Exercise description:
Please set down each of the lines below once more, exactly, omitting all pictures.
Segment Start: The data
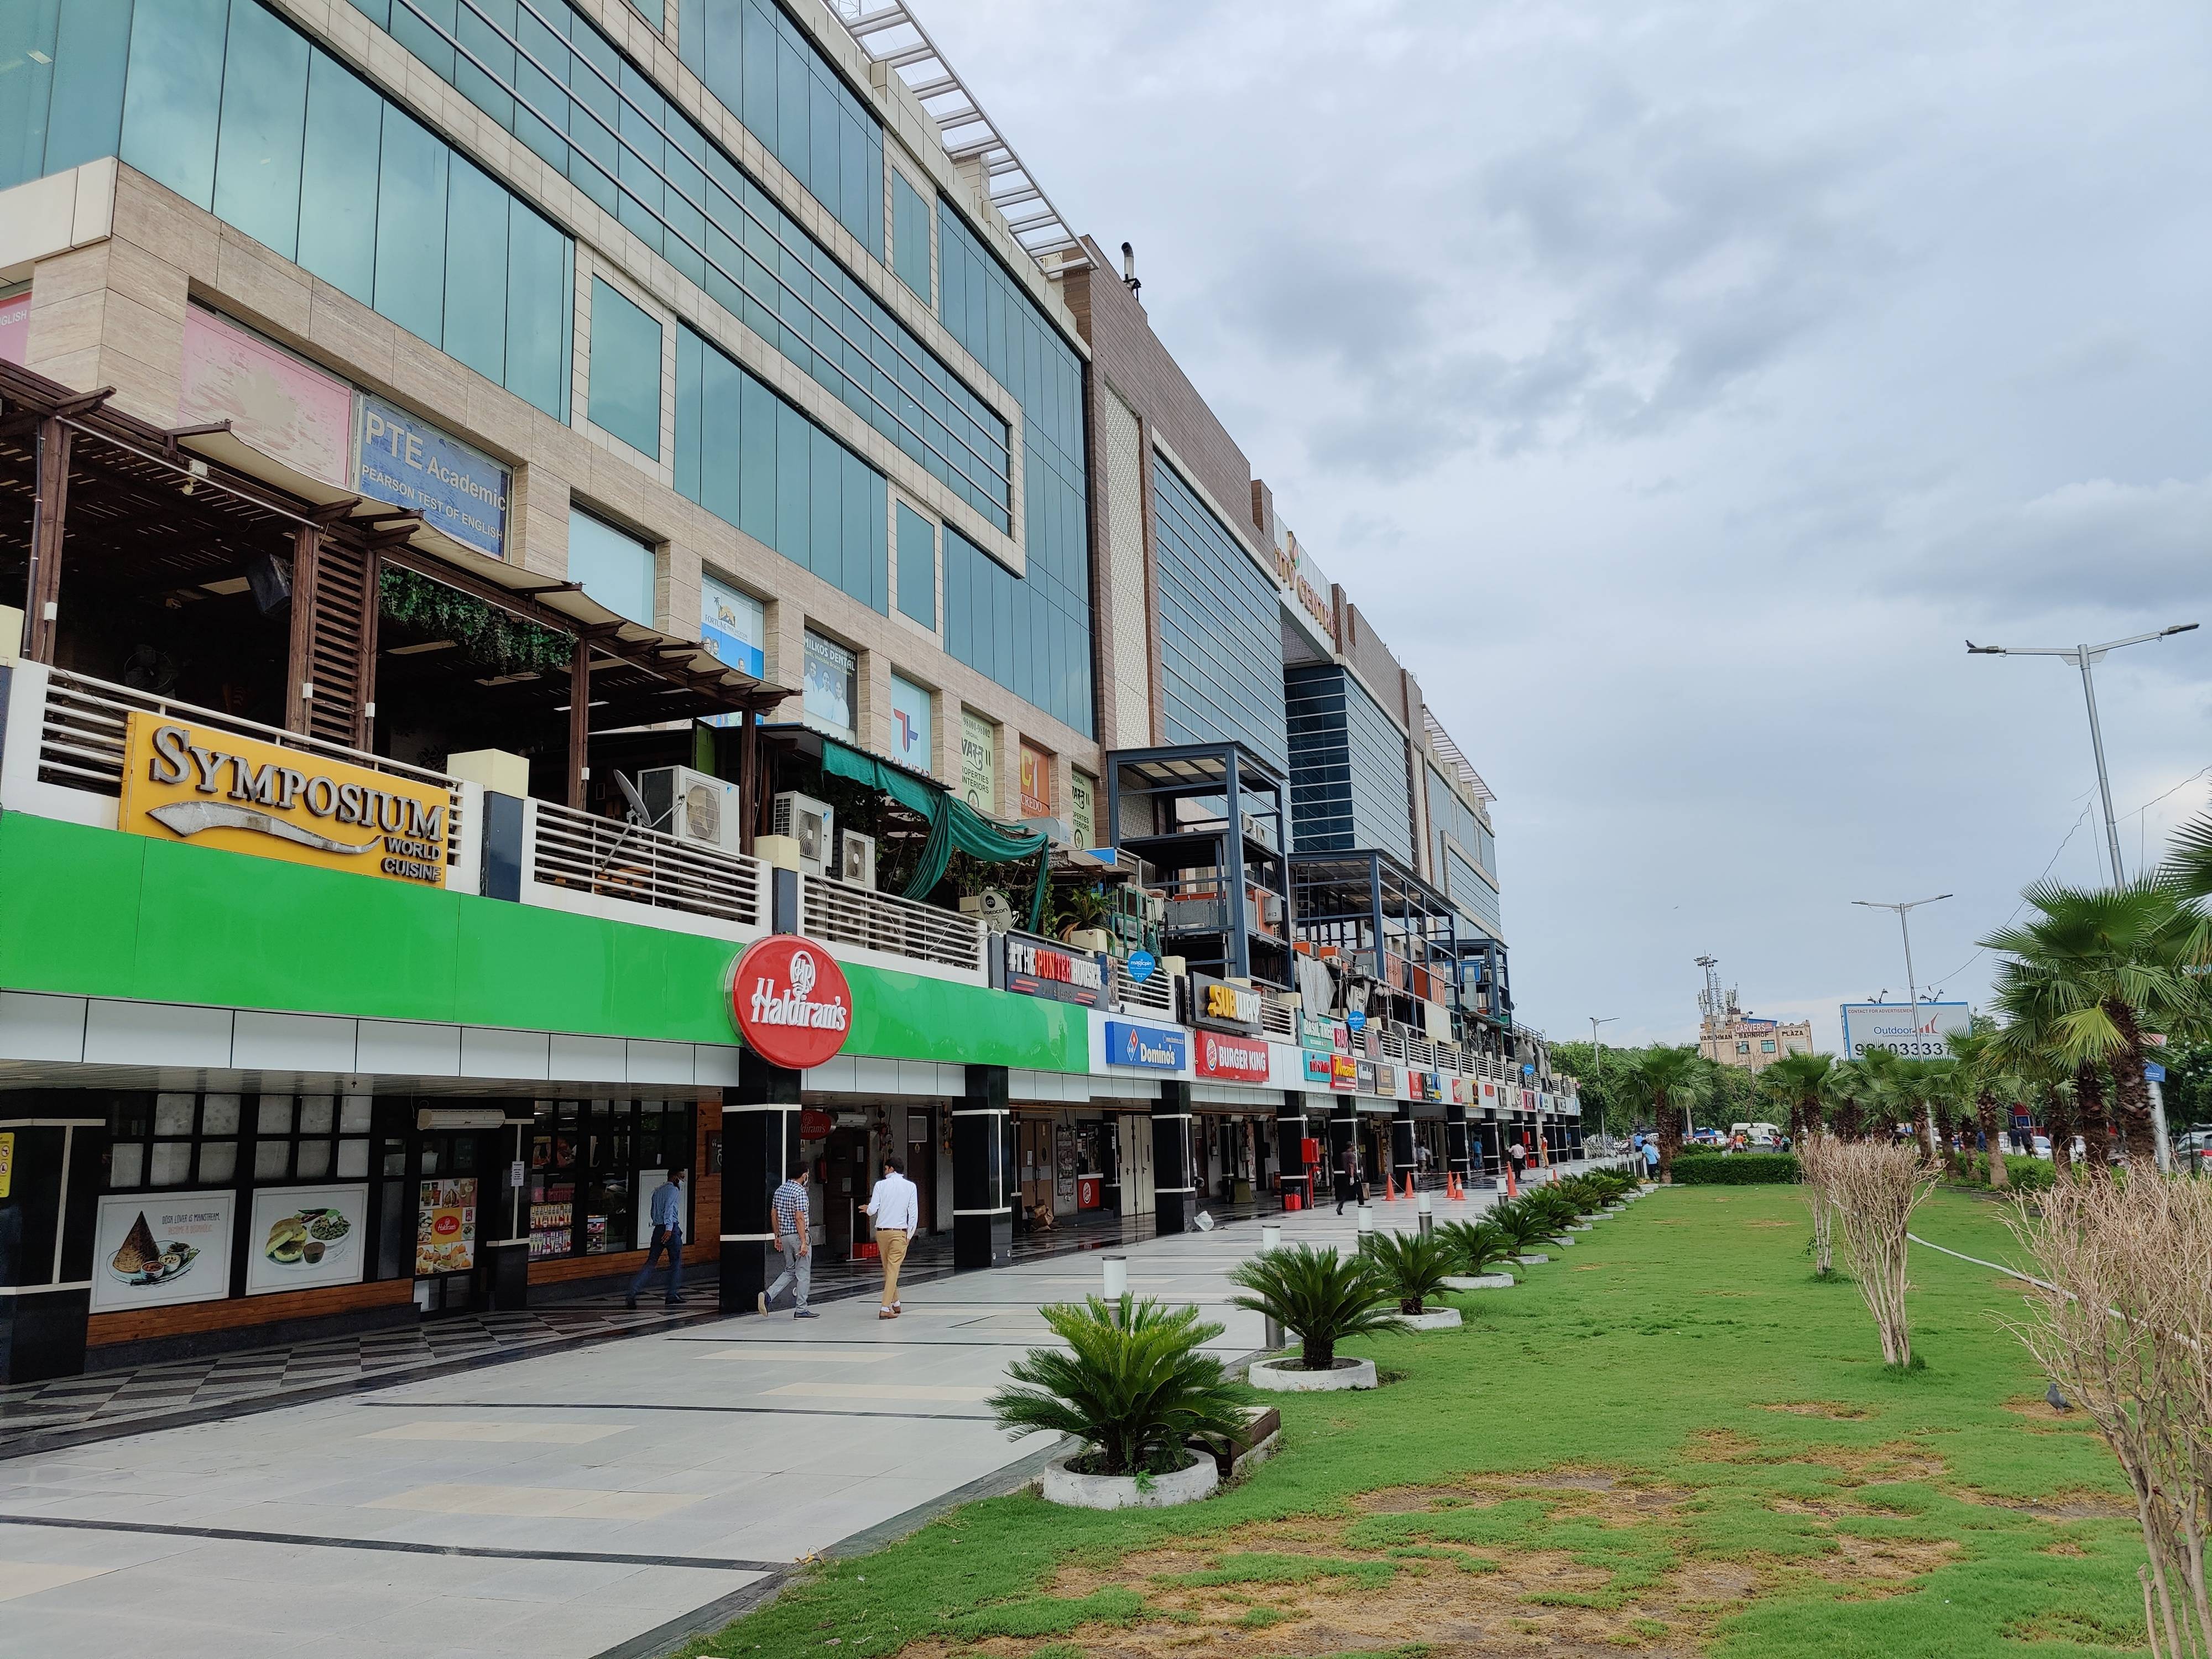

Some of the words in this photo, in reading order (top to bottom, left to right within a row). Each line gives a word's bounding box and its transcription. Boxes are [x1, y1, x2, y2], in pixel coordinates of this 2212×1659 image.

[0, 310, 27, 326] GLISH
[366, 411, 423, 470] PTE
[427, 456, 506, 512] Academic
[362, 464, 415, 499] PEARSON
[418, 491, 444, 513] TEST
[446, 507, 459, 519] OF
[462, 514, 503, 541] ENGLISH
[1297, 575, 1337, 640] CENTRE
[705, 614, 727, 630] FORTUNE
[830, 650, 855, 672] DENTAL
[149, 725, 446, 842] SYMPOSIUM
[962, 775, 989, 794] INTERIORS
[1020, 794, 1042, 813] CREDO
[384, 836, 441, 861] WORLD
[381, 857, 441, 882] CUISINE
[1130, 959, 1152, 967] magicpin
[751, 977, 847, 1031] Haldiram's
[1208, 984, 1262, 1024] SUBWAY
[1303, 1018, 1321, 1037] BASIL
[1334, 1027, 1349, 1048] BAR
[1735, 1023, 1765, 1033] CARVERS
[1140, 1042, 1175, 1066] Domino's
[1219, 1046, 1248, 1070] BURGER
[1249, 1051, 1266, 1072] KING
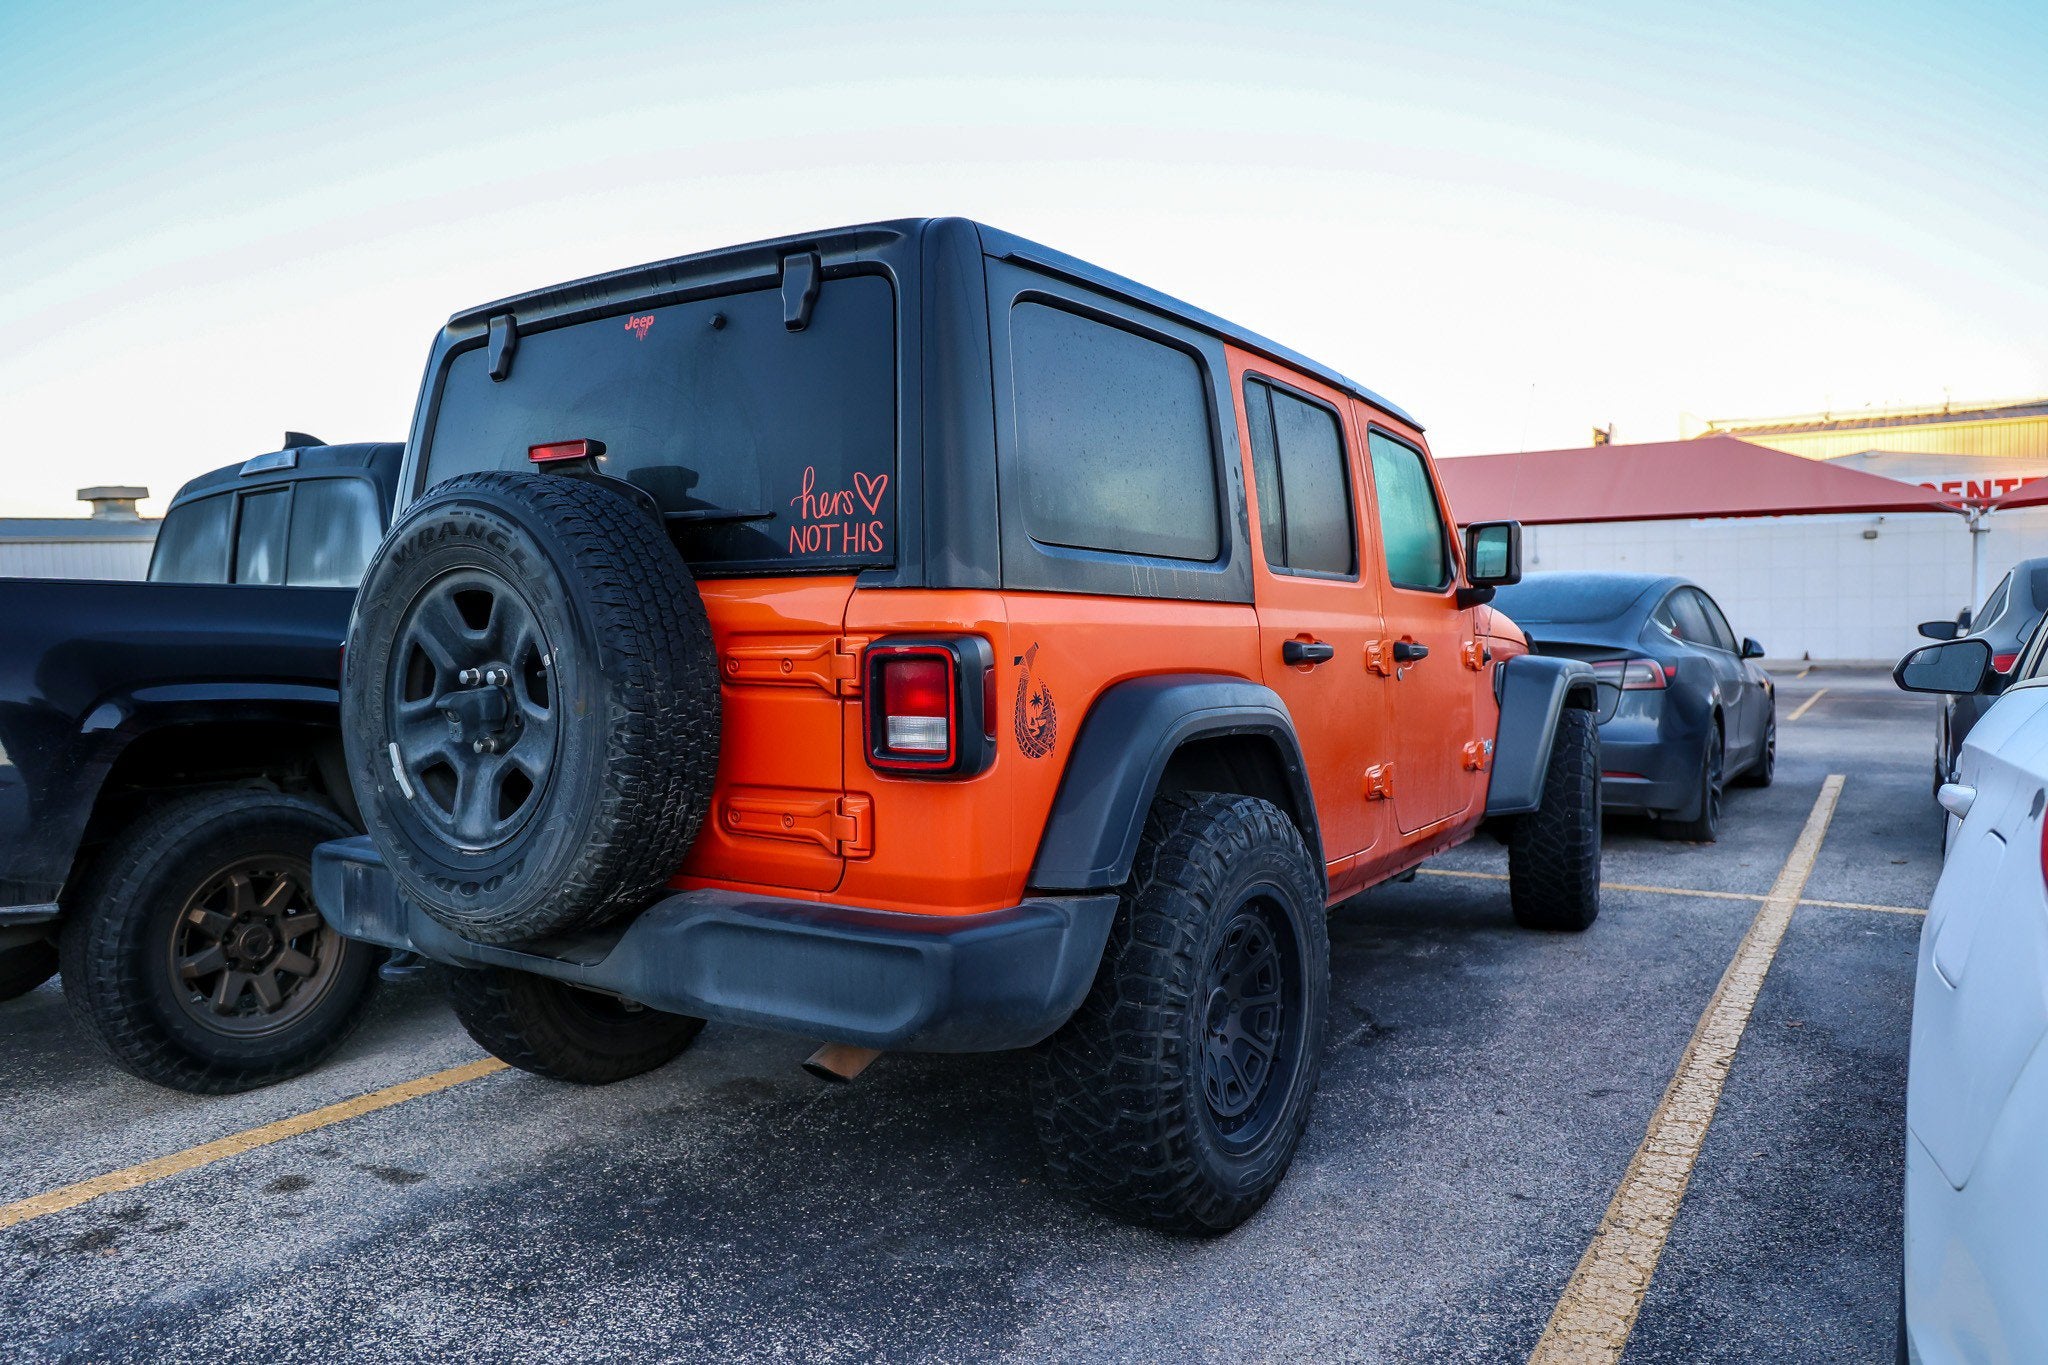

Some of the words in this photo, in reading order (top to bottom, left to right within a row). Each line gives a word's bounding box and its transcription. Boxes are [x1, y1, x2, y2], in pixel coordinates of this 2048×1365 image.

[624, 315, 655, 330] Jeep
[790, 466, 854, 519] hers
[1919, 478, 2042, 509] ENT
[788, 524, 840, 554] NOT
[842, 520, 884, 554] HIS
Segment End: The data
Response to this task:
Some of the words in this photo, in reading order (top to bottom, left to right within a row). Each line gives a word's bounding box and its transcription. Boxes are [x1, y1, x2, y2], in pixel coordinates of this 2212×1659 image.

[0, 310, 27, 326] GLISH
[366, 411, 423, 470] PTE
[427, 456, 506, 512] Academic
[362, 464, 415, 499] PEARSON
[418, 491, 444, 513] TEST
[446, 507, 459, 519] OF
[462, 514, 503, 541] ENGLISH
[1297, 575, 1337, 640] CENTRE
[705, 614, 727, 630] FORTUNE
[830, 650, 855, 672] DENTAL
[149, 725, 446, 842] SYMPOSIUM
[962, 775, 989, 794] INTERIORS
[1020, 794, 1042, 813] CREDO
[384, 836, 441, 861] WORLD
[381, 857, 441, 882] CUISINE
[1130, 959, 1152, 967] magicpin
[751, 977, 847, 1031] Haldiram's
[1208, 984, 1262, 1024] SUBWAY
[1303, 1018, 1321, 1037] BASIL
[1334, 1027, 1349, 1048] BAR
[1735, 1023, 1765, 1033] CARVERS
[1140, 1042, 1175, 1066] Domino's
[1219, 1046, 1248, 1070] BURGER
[1249, 1051, 1266, 1072] KING

Some of the words in this photo, in reading order (top to bottom, left to right within a row). Each line gives a word's bounding box and its transcription. Boxes are [x1, y1, x2, y2], in pixel coordinates of this 2048×1365 image.

[624, 315, 655, 330] Jeep
[790, 466, 854, 519] hers
[1919, 478, 2042, 509] ENT
[788, 524, 840, 554] NOT
[842, 520, 884, 554] HIS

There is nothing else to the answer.